‘You mean you want to call it off?’ said Tim.
‘No!’ said Gertrude.
‘What then? I haven’t understood you.’
‘I don’t understand myself. I’ve been invaded by misery. I feel half mad.’
‘
Please
don’t feel like that.’
‘I think we should wait.’
‘We’ve already agreed to wait.’
‘Yes, but wait - more - differently.’
‘How, differently?’
‘Put it in cold storage.’
‘Cancel our vows? And don’t say we haven’t made any vows.’
‘Tim, please help me, don’t be hostile.’
‘Gertrude, I love you, I’m hostile to what you’re saying because it’s killing me.’
‘I don’t know what I’m saying. I love you. But I just-I just can’t love myself at present. I’ve never felt like this. My mind, my being, has become impossible. I can’t exist as I am. I’ve got to change.’
‘But what must change and why? And can we not change together? Gertrude darling, you’re frightening me to death, I’m terrified. Please put this madness away, just rest with me, let me make you quiet and keep you safe.’
‘You can’t, you’re part of the trouble. I’ve got to be alone for a while. We must undo it.’
‘You want me to go away and never return?’
‘No! But we must postpone - undo - our engagement.’
‘Engagement! We’ve never been “engaged”. Oh Gertrude, you can’t even talk to me properly any more, you’re - you’re alienated - you’re taken over. You’re ashamed of me.’
‘Tim, don’t talk offensive rubbish.’
‘That’s what it comes to. You can’t acknowledge me in front of
them
, you shudder at the thought. You feel you’ll lose face. I don’t blame you. I daresay they’ve guessed, someone’s been getting at you, someone’s been saying - Oh I can imagine what they’ve been saying! Oh Gertrude, everything’s spoilt-I was so afraid of this -’

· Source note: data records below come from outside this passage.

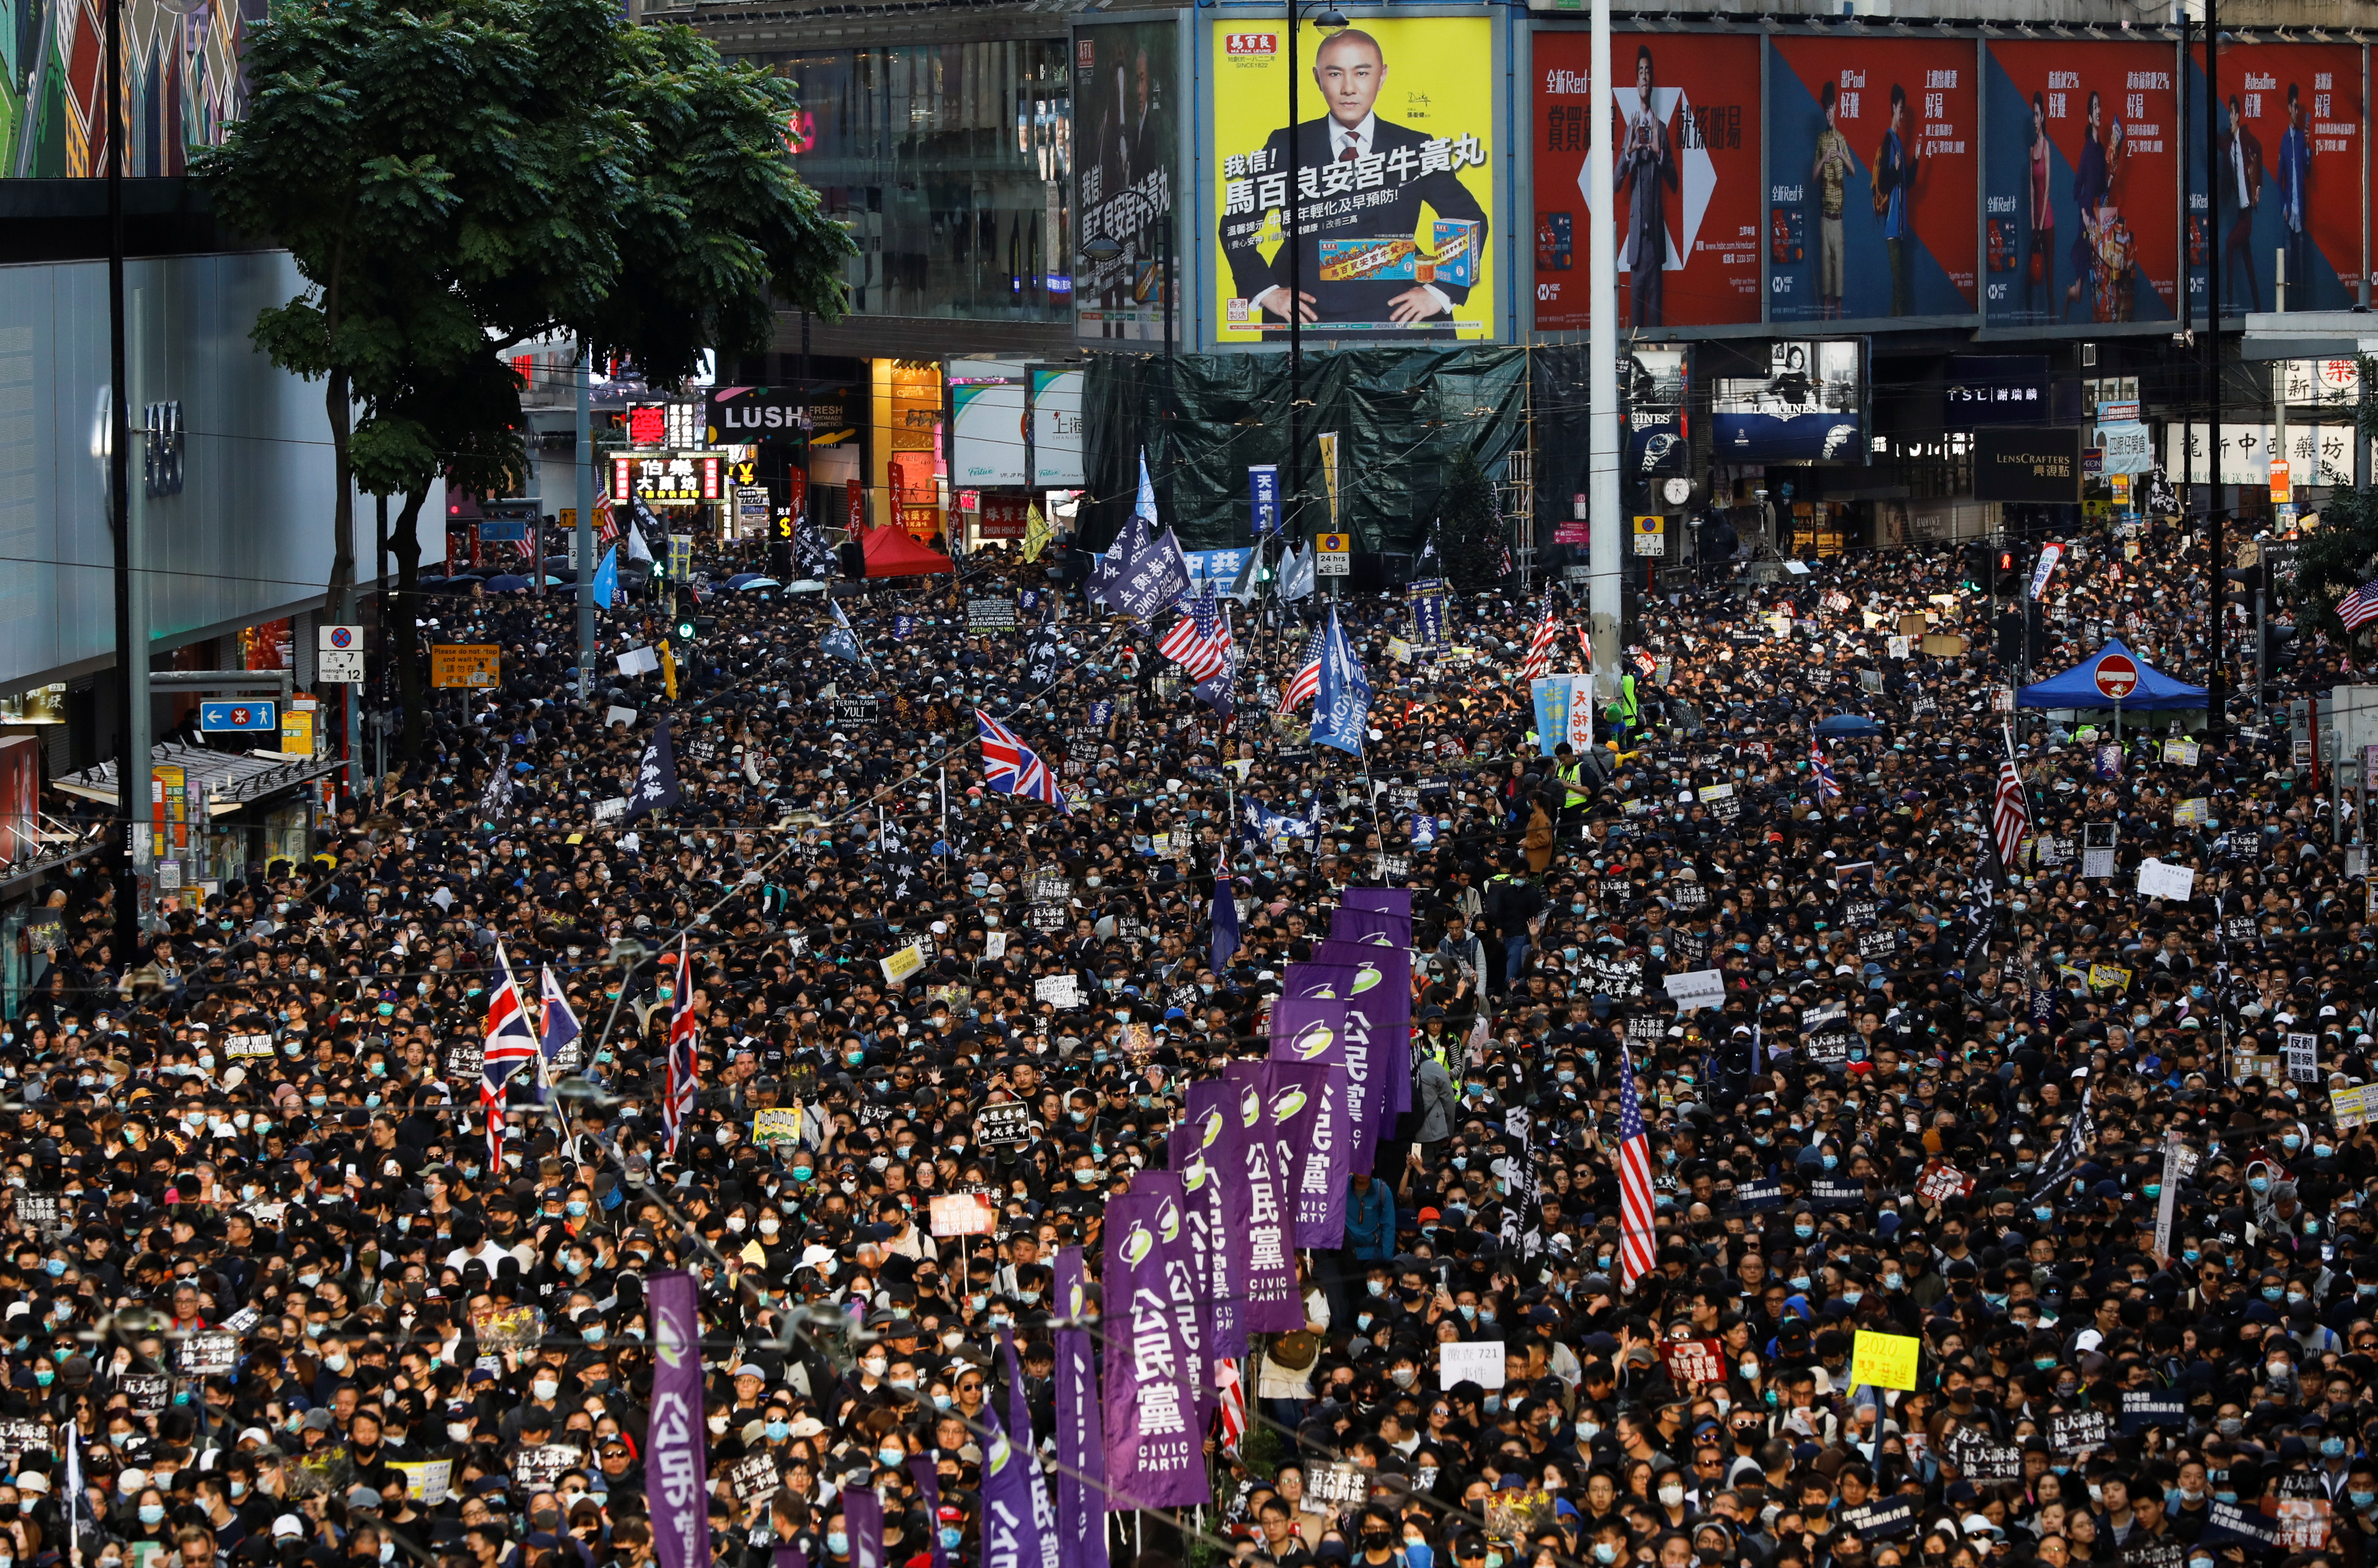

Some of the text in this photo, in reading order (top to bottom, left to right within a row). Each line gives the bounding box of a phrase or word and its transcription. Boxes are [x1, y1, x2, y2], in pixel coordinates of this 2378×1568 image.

[1230, 35, 1271, 49] 馬百良
[1546, 69, 1591, 94] 全新Red
[1841, 92, 1859, 118] 好難
[1925, 93, 1943, 118] 好易
[2049, 93, 2066, 118] 好難
[2127, 94, 2143, 119] 好易
[2245, 94, 2261, 118] 好難
[2315, 94, 2330, 118] 好易
[1224, 148, 1277, 179] 我信!
[1225, 132, 1486, 217] 馬百良安宮牛黃丸
[809, 406, 843, 415] FRESH
[1753, 403, 1818, 414] LONGINES
[725, 406, 803, 429] LUSH
[631, 407, 665, 446] 藥
[640, 459, 694, 476] 伯樂
[2033, 465, 2069, 477] 亮視點
[637, 476, 697, 491] 大藥坊
[347, 653, 354, 662] 7
[347, 670, 360, 680] 12
[844, 707, 864, 718] YULI
[2231, 836, 2258, 845] 五大訴求
[1037, 880, 1071, 891] 五大訴求
[1674, 887, 1705, 896] 五大訴求
[1033, 908, 1065, 918] 五大訴求
[1033, 916, 1065, 927] 缺一不可
[1578, 977, 1644, 996] 時代革命
[1629, 1018, 1664, 1028] 五大訴求
[1629, 1028, 1664, 1037] 堅持到底
[225, 1034, 272, 1048] STAND WITH
[1808, 1034, 1846, 1048] 五大訴求
[2291, 1036, 2313, 1049] 反對
[227, 1042, 273, 1057] HONG KONG
[1808, 1045, 1846, 1058] 缺一不可
[2291, 1052, 2314, 1066] 警察
[2291, 1068, 2314, 1081] 濫暴
[980, 1124, 1028, 1140] 時代革命
[1246, 1142, 1285, 1271] 公民黨
[1249, 1276, 1287, 1290] CIVIC
[1249, 1288, 1287, 1302] PARTY
[181, 1336, 235, 1352] 五大訴求
[1858, 1336, 1898, 1356] 2020
[181, 1351, 235, 1365] 缺一不可
[1479, 1348, 1498, 1359] 721
[1131, 1288, 1186, 1436] 公民黨
[1459, 1365, 1487, 1381] 事件
[2054, 1412, 2105, 1431] 五大訴求
[2055, 1427, 2105, 1447] 缺一不可
[1138, 1441, 1189, 1457] CIVIC
[1963, 1446, 2020, 1465] 五大訴求
[1138, 1453, 1189, 1472] PARTY
[1963, 1460, 2021, 1478] 缺一不可
[1311, 1469, 1366, 1489] 五大訴求
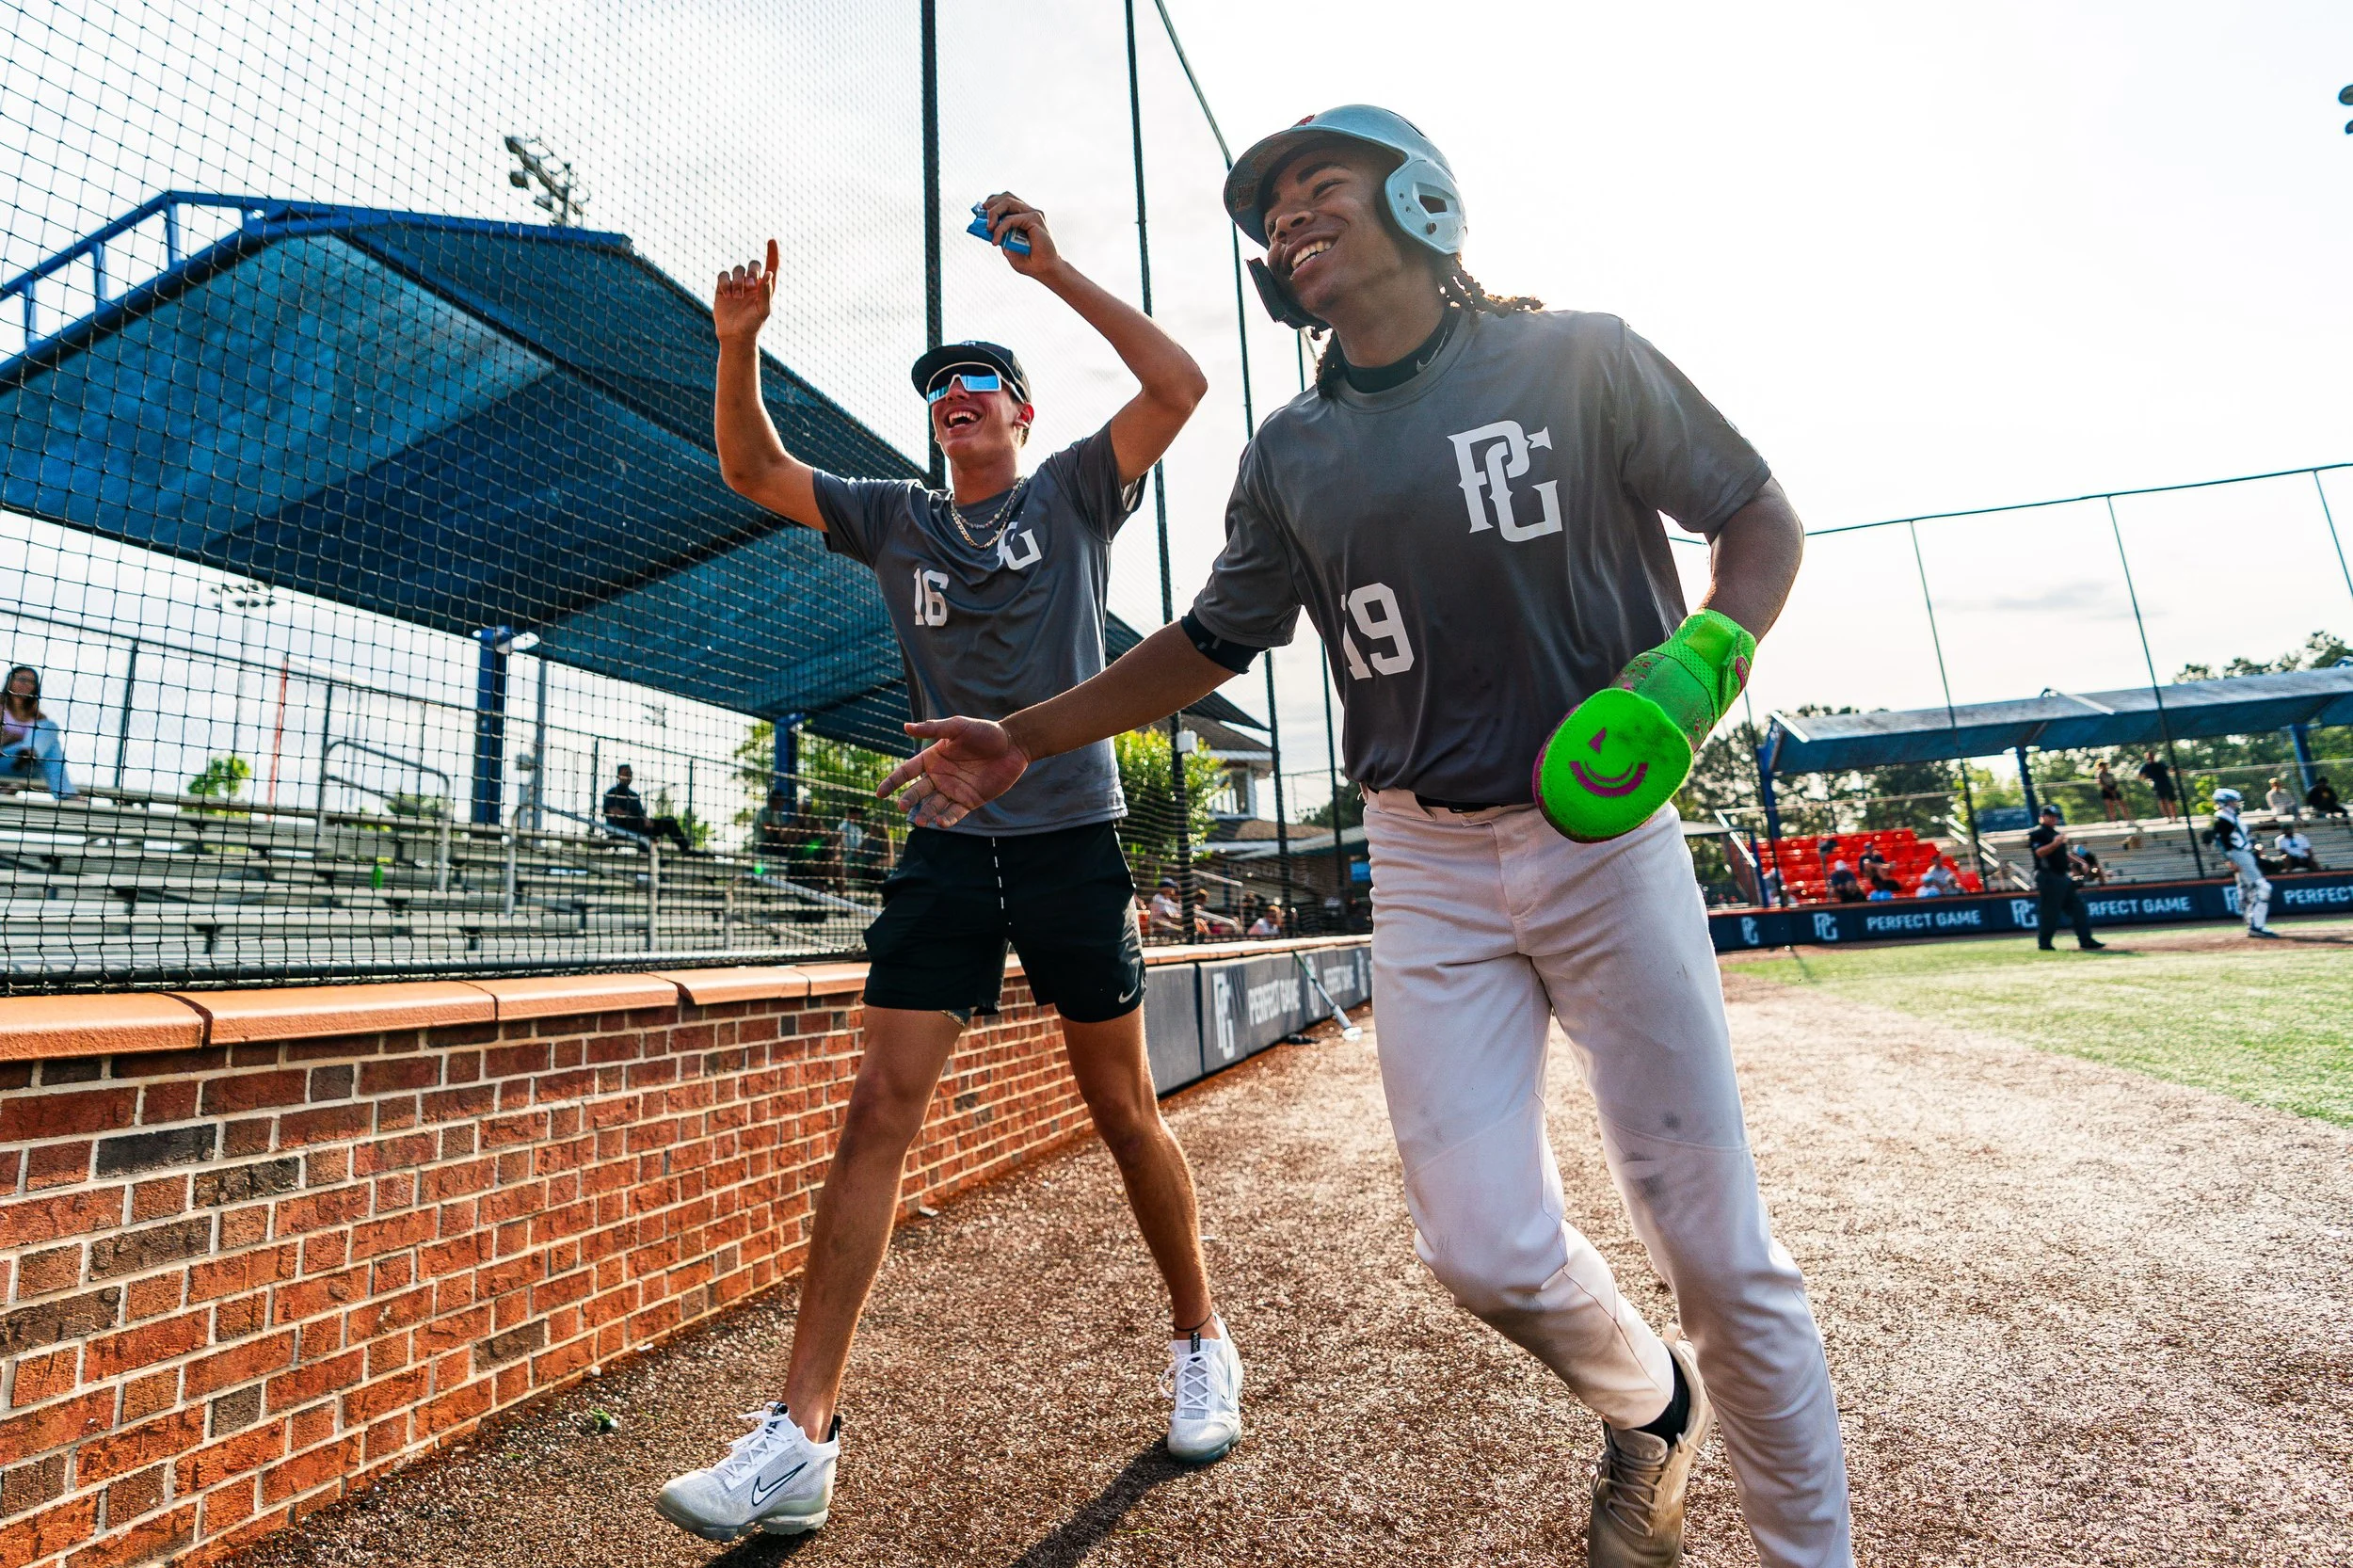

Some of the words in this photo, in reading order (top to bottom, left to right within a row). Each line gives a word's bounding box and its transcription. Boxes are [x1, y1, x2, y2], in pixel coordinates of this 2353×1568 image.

‘Tim, wait - please don’t say things -’
‘You’re saying things! You say you want to cancel the “engagement”, send back the ring, only there’s never been a ring! I just love you, I want to marry you like you said, that was the most wonderful thing anyone ever said to me, I want us to be husband and wife and live in the open. We’ve been special to each other, you know that,
no one
could understand what we are to each other or see into it at all. Can’t you be brave enough to be true to what we
know
, we two, just us - ?’
‘Darling, dear heart, please don’t just cry out at me, I’m in such pain. We must have a space, I must have anyway. Tim, love me enough to give me this time, this interval. I don’t know myself. It isn’t the others.’
‘It is.’
‘Or if it’s anyone it’s Guy.’
‘Oh well,’ said Tim, ‘Oh Christ-I can’t fight with Guy. I do understand. I’ll go away.’
‘No, no, don’t go -’
‘It’s better, Gertrude. You’ve made a mistake.’
‘No, I just need time -’
‘Oh God, if only we could
sleep
for six months!’
‘Tim, please -’
‘ “Let’s just be friends for a while”.’
‘Yes, yes -’
‘I was making a joke. We can’t be friends.’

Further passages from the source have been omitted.